■ GOAL OF THE EXERCISE
What is expected is a word-for-word copy of all the entries.

BEGIN SUPPLIED DATA

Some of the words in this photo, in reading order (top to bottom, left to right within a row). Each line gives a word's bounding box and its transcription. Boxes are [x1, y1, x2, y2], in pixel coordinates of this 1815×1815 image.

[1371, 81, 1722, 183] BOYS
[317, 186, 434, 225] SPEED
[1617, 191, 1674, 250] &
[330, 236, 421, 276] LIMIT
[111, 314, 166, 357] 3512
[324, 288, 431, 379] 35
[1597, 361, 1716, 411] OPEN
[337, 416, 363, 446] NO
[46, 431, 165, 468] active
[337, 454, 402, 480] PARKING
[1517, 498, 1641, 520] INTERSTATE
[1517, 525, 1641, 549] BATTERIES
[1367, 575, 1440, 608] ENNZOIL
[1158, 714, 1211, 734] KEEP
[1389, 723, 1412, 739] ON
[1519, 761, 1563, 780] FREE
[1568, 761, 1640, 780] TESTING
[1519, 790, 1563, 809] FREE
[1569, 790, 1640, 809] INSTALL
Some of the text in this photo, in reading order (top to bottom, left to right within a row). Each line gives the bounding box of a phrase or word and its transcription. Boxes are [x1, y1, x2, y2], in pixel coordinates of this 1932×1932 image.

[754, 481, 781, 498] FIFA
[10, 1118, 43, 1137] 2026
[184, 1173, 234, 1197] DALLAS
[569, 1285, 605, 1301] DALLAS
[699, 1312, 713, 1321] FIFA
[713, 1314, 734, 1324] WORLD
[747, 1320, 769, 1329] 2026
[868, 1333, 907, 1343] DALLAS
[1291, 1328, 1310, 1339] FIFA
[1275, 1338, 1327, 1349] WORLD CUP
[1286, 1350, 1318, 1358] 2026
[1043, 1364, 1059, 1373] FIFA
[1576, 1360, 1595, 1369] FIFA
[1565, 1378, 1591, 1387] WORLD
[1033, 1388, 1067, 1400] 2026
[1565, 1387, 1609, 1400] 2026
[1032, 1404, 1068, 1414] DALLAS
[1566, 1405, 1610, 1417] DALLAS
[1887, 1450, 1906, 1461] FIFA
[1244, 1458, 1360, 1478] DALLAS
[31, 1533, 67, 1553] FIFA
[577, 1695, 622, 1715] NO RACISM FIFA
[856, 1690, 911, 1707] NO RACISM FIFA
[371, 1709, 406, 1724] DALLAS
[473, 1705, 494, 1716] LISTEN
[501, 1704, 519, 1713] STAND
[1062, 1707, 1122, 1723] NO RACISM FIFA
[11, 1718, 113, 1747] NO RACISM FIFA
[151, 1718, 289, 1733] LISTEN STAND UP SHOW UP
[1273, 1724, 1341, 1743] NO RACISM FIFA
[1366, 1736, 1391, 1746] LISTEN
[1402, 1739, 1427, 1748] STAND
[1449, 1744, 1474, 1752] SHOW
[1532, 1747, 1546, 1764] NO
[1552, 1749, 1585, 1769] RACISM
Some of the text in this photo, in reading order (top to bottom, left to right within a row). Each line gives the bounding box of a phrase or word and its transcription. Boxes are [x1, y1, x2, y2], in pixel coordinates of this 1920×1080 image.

END SUPPLIED DATA

■ WRITTEN ANSWER
Some of the words in this photo, in reading order (top to bottom, left to right within a row). Each line gives a word's bounding box and its transcription. Boxes are [x1, y1, x2, y2], in pixel coordinates of this 1815×1815 image.

[1371, 81, 1722, 183] BOYS
[317, 186, 434, 225] SPEED
[1617, 191, 1674, 250] &
[330, 236, 421, 276] LIMIT
[111, 314, 166, 357] 3512
[324, 288, 431, 379] 35
[1597, 361, 1716, 411] OPEN
[337, 416, 363, 446] NO
[46, 431, 165, 468] active
[337, 454, 402, 480] PARKING
[1517, 498, 1641, 520] INTERSTATE
[1517, 525, 1641, 549] BATTERIES
[1367, 575, 1440, 608] ENNZOIL
[1158, 714, 1211, 734] KEEP
[1389, 723, 1412, 739] ON
[1519, 761, 1563, 780] FREE
[1568, 761, 1640, 780] TESTING
[1519, 790, 1563, 809] FREE
[1569, 790, 1640, 809] INSTALL
Some of the text in this photo, in reading order (top to bottom, left to right within a row). Each line gives the bounding box of a phrase or word and its transcription. Boxes are [x1, y1, x2, y2], in pixel coordinates of this 1932×1932 image.

[754, 481, 781, 498] FIFA
[10, 1118, 43, 1137] 2026
[184, 1173, 234, 1197] DALLAS
[569, 1285, 605, 1301] DALLAS
[699, 1312, 713, 1321] FIFA
[713, 1314, 734, 1324] WORLD
[747, 1320, 769, 1329] 2026
[868, 1333, 907, 1343] DALLAS
[1291, 1328, 1310, 1339] FIFA
[1275, 1338, 1327, 1349] WORLD CUP
[1286, 1350, 1318, 1358] 2026
[1043, 1364, 1059, 1373] FIFA
[1576, 1360, 1595, 1369] FIFA
[1565, 1378, 1591, 1387] WORLD
[1033, 1388, 1067, 1400] 2026
[1565, 1387, 1609, 1400] 2026
[1032, 1404, 1068, 1414] DALLAS
[1566, 1405, 1610, 1417] DALLAS
[1887, 1450, 1906, 1461] FIFA
[1244, 1458, 1360, 1478] DALLAS
[31, 1533, 67, 1553] FIFA
[577, 1695, 622, 1715] NO RACISM FIFA
[856, 1690, 911, 1707] NO RACISM FIFA
[371, 1709, 406, 1724] DALLAS
[473, 1705, 494, 1716] LISTEN
[501, 1704, 519, 1713] STAND
[1062, 1707, 1122, 1723] NO RACISM FIFA
[11, 1718, 113, 1747] NO RACISM FIFA
[151, 1718, 289, 1733] LISTEN STAND UP SHOW UP
[1273, 1724, 1341, 1743] NO RACISM FIFA
[1366, 1736, 1391, 1746] LISTEN
[1402, 1739, 1427, 1748] STAND
[1449, 1744, 1474, 1752] SHOW
[1532, 1747, 1546, 1764] NO
[1552, 1749, 1585, 1769] RACISM
Some of the text in this photo, in reading order (top to bottom, left to right within a row). Each line gives the bounding box of a phrase or word and its transcription. Boxes are [x1, y1, x2, y2], in pixel coordinates of this 1920×1080 image.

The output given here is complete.